For a little while, in the early 2000s, there was a tendency to put out commercials and music videos which looked like they’d been shot in log and broadcast almost untouched. Let’s be clear that this absolutely never happened because anyone had got the wrong idea about how hypergamma worked on Sony HD cameras of the time. Obviously, if that were true, it’d mean that quite a lot of advertising executives were guilty of jumping on a creative bandwagon they barely understood, and nobody in the commercial arts would ever do that. Either way, the unprocessed-log look is a conspicuous exception which proves a very rough and general rule: for a long time, many of the world’s most-liked pictures have been daringly full of contrast.
This line of thought is provoked by a contradiction which exists in camera technique now. On one hand, there’s a raucous cheer every time a manufacturer manages to squeeze another stop out of a sensor. On the other, lots of people like John Alton, and his tendency to leave lots of the silver in prints of his monochrome noir classics. It’s too easy, sometimes, to throw both of those things – high dynamic range, and rich, contrasty images – into the same vague brain bin that contains words like “cinematic,” “painterly,” “organic,” and other terms that ought to attract an immediate donation to some sort of cinematographic swear jar.
Escaping the swear jar
Of course the reality is that “rich blacks” and “high dynamic range” are, to some extent, opposing concepts.
Let’s be clear we’re not talking about HDR displays, here, which are designed to solve exactly this problem by the brute force approach of making the highlights really, really bright, and the shadows really, really dark, so that we can shoot on billion-stop cameras and not have to throw away all that dynamic range before it collides with the audience’s corneas. We’re talking about cameras, which, until further notice, are likely to be used to target standard dynamic range results at least as much as anything else.

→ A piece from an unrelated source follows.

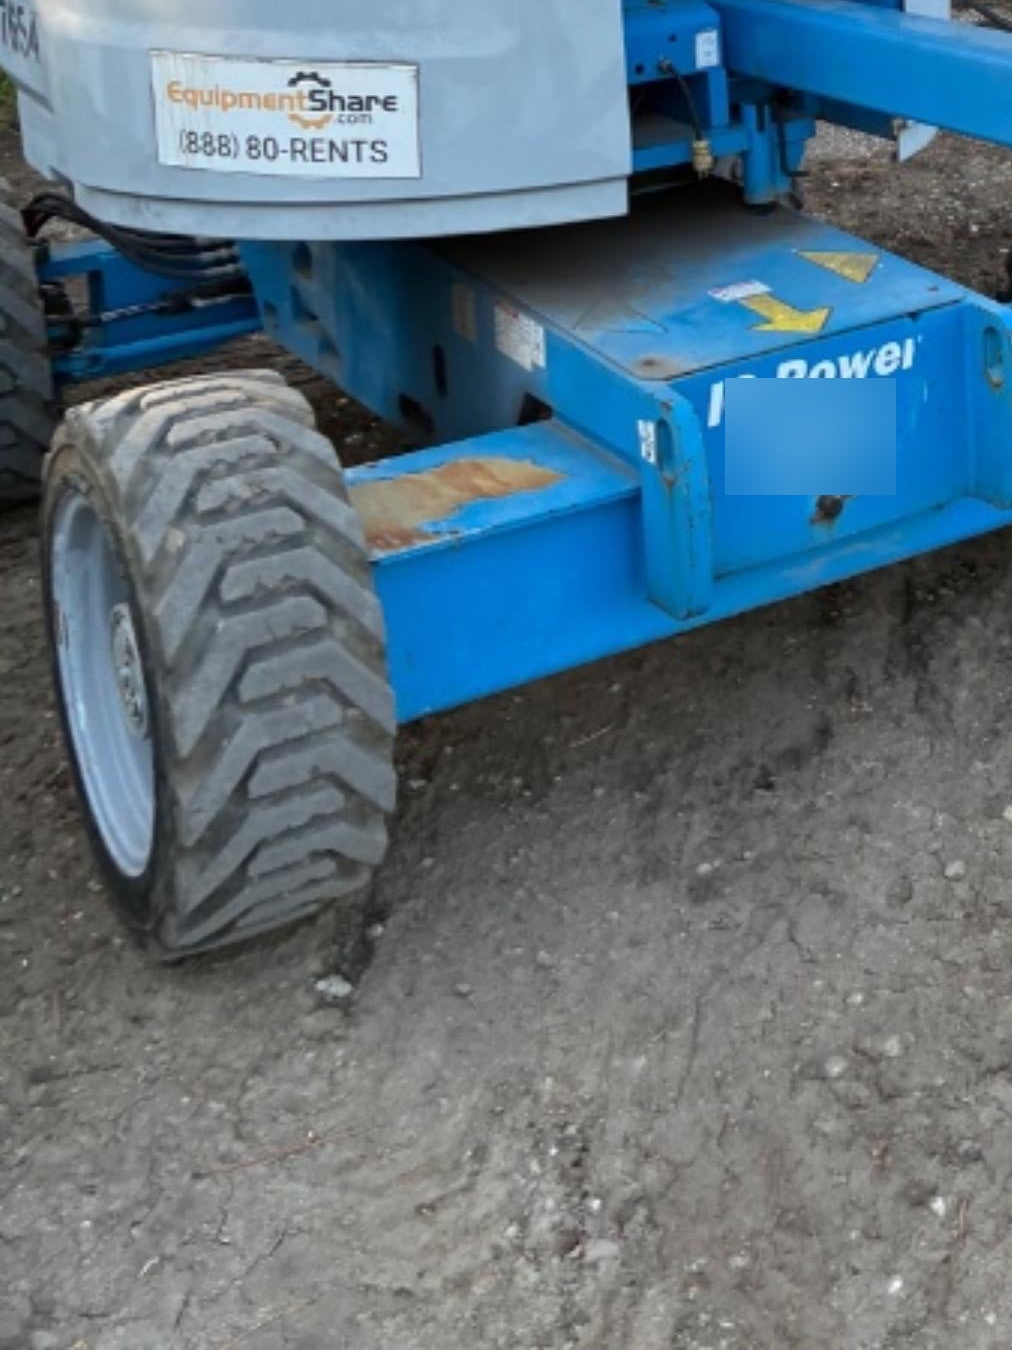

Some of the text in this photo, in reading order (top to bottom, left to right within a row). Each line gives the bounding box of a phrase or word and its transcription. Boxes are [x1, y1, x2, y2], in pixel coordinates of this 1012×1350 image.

[166, 80, 398, 113] EquipmentShare
[179, 129, 388, 164] (888) 80-RENTS
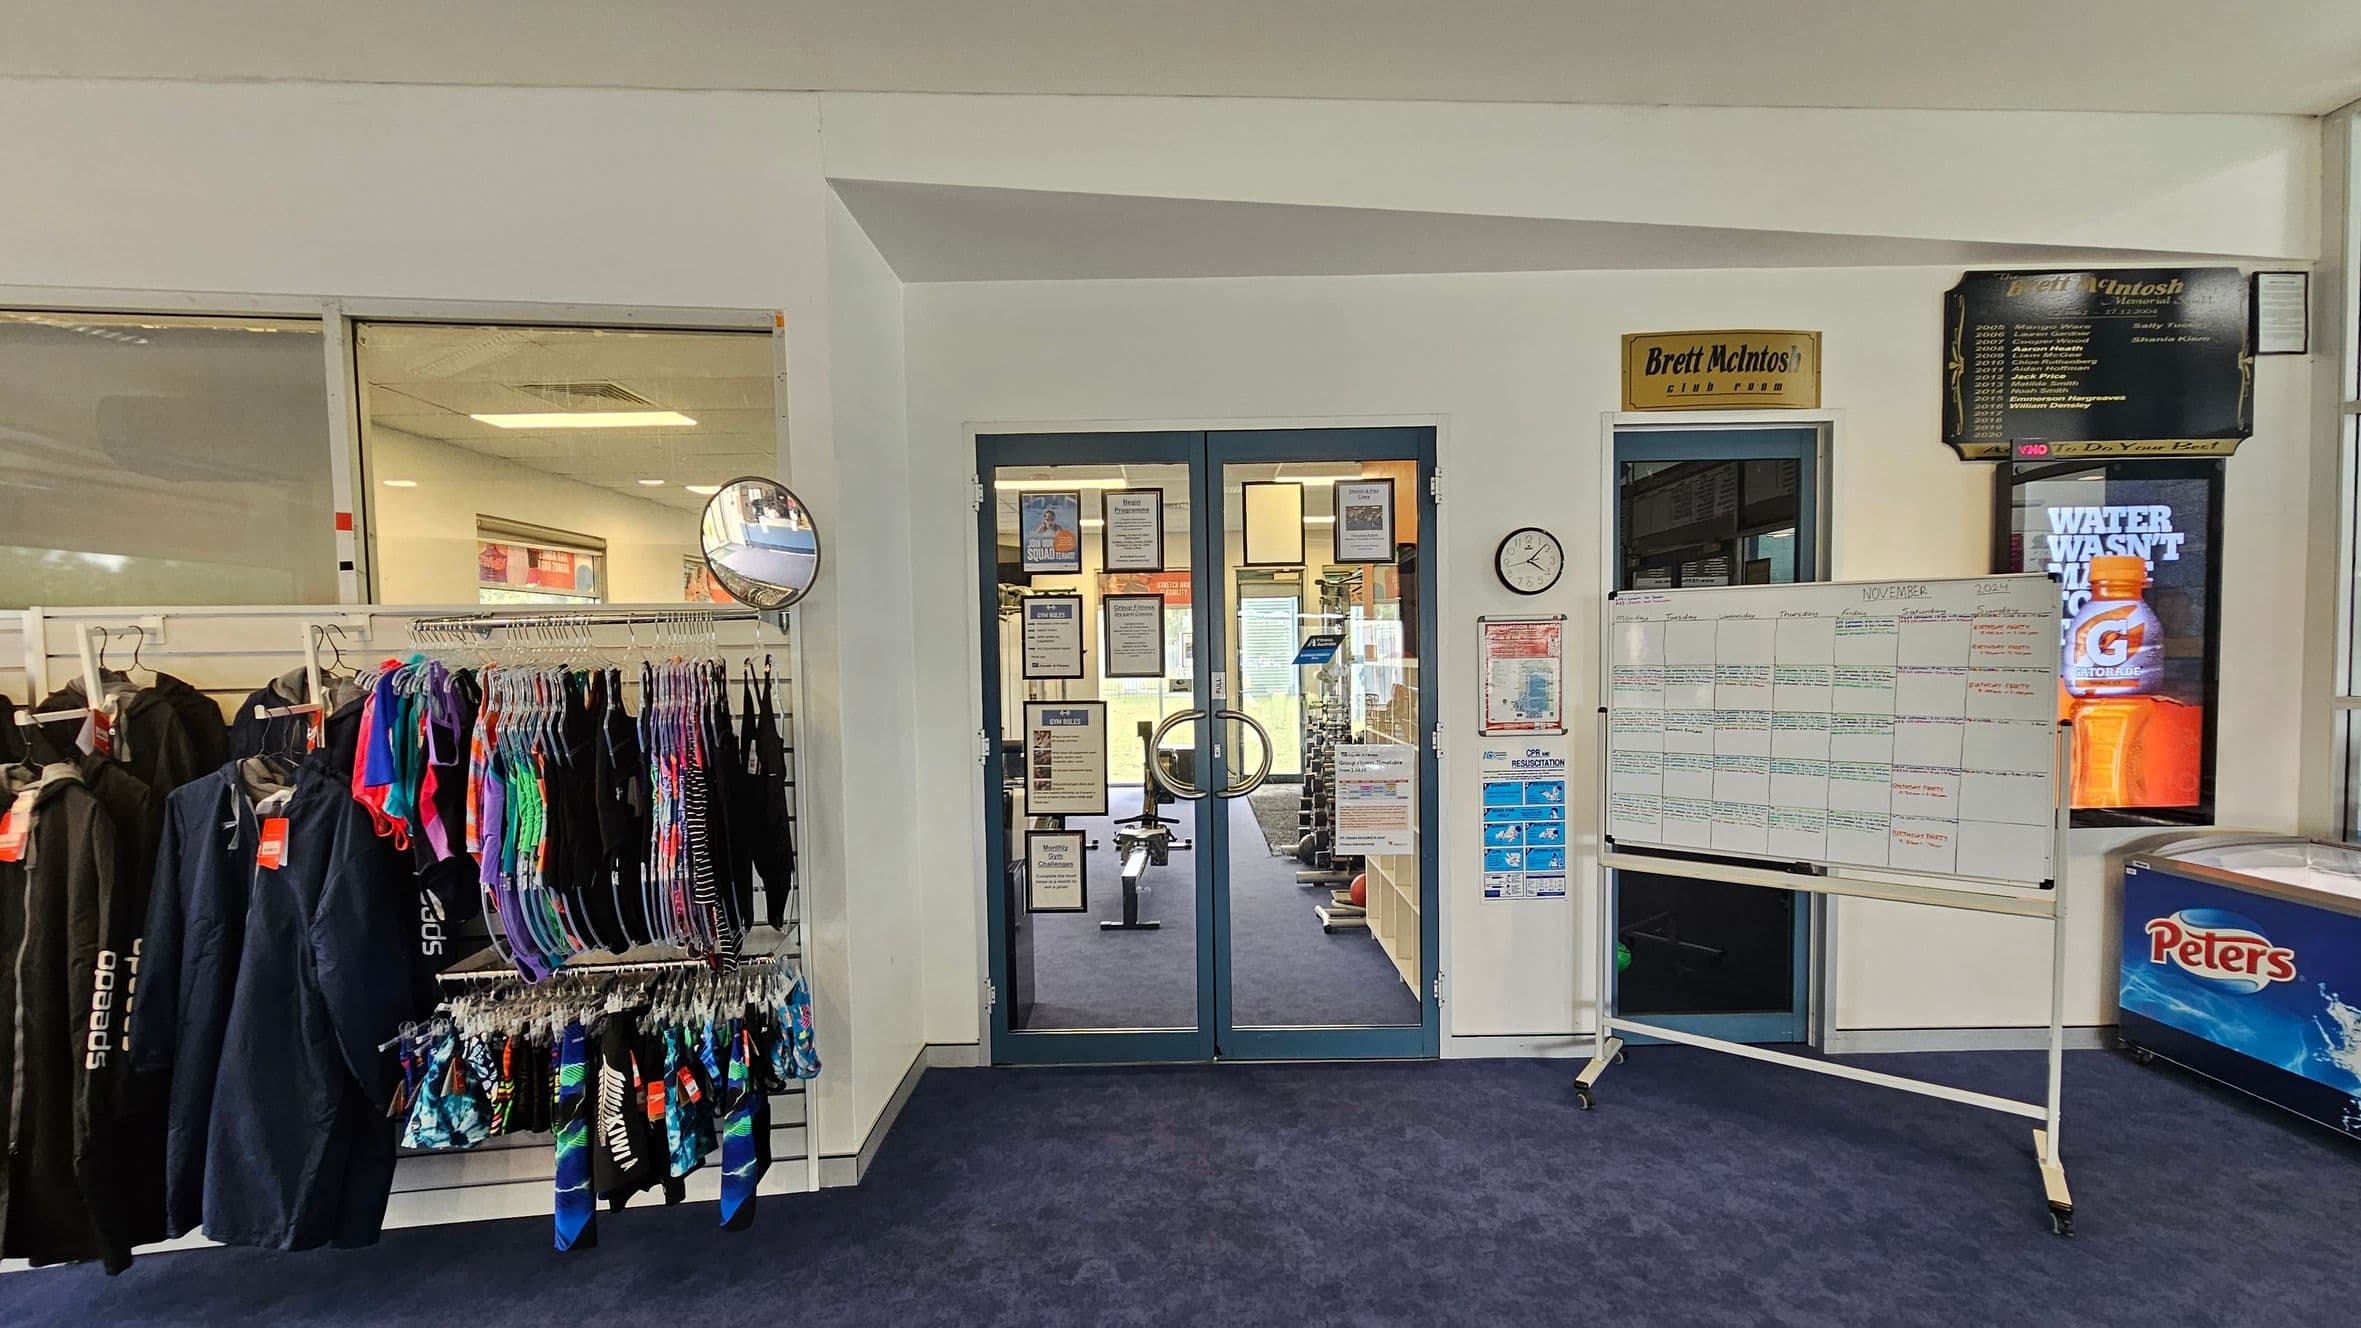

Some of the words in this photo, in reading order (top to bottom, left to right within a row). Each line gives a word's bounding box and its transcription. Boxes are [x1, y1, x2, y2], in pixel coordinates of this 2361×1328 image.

So at some point, more contrast and more dynamic range are two opposing forces. Because they both sound nice, we have decided we’d like to have both at once anyway. As a result, the first creative node in an awful lot of Resolve trees consists of an S-curve which looks like an elevation map of a skate ramp. It is intended to sweep lots of the camera’s hard-won dynamic range under the rug in search of pictures with a bit of bite

Held in the log
Or, at least, that’s the way it works in the minds of people who might switch off the LUTs on an on-set monitor and say something like “well, it’s held in the log.” That’s long been an acceptable way to Teflon-desk a lighting problem down to post production, and it’s often fine. Most of the people who tickle the trackballs for a living are more than happy to earn a warm handshake from the director of photography after knocking down on a troublesome sky.
When said troublesome sky is a couple of stops too hot, that works quite well. When it’s seven stops too hot, as is increasingly possible, it’s a little bit more difficult to lift-gamma-gain our way out of the problem, at least if we don’t want the result to look like an early-2000s, tone-mapped HDR still.
(Actually, has anyone ever done that look in motion?)
Photons by the bucketful (and less contrast)
Probably the bigger problem, though, is what happens when less-experienced people get their hands on a camera that collects photons by the bucketful. Yes, it’s possible to make tremendous errors of exposure and get away with it, and it’s increasingly possible to light night exteriors by goading a couple of glow-worms into a mating frenzy and crazy-gluing them to a stick. To indulge in a bit of middle-aged fist-shaking, we might ask whether that sort of power is actually a worthwhile formative experience for a film school beginner, but that’s not the only issue.

The issue with huge dynamic range on a student short is that one of the actors might fire a flashlight into the face of the other at point blank range. In that situation, it’s too easy to recite the incantation it’s held in the log and end up needing a grade that’s some way beyond the undeveloped pixel-poking abilities of someone new to Resolve.
In principle, it’s become even easier to turn out Altoneseque noirs with blacks so solid you can cut them into chunks and sell them on eBay. Throw a LUT into a monitor, and anyone can shoot a virtual equivalent of Tri-x pushed two. It’s a much easier way to greater consistency than anyone has ever had access to in the past. The roadblock is pulling it off without falling foul of it’s held in the log.
Well, that, and the sheer creative daring to make it happen. We’ve conditioned a generation of beginners to prize dynamic range and to maintain it at all costs. Driving the highlights of a scene into white is not something people are instinctively inclined to do, even though controlling the transition to white is exactly what all that extra dynamic range is for in the first place. The idea that it’s normal to deliberately throw away picture information is not entirely new – we’ve had log for years – but as cameras get better, doing that will go from normal to essential.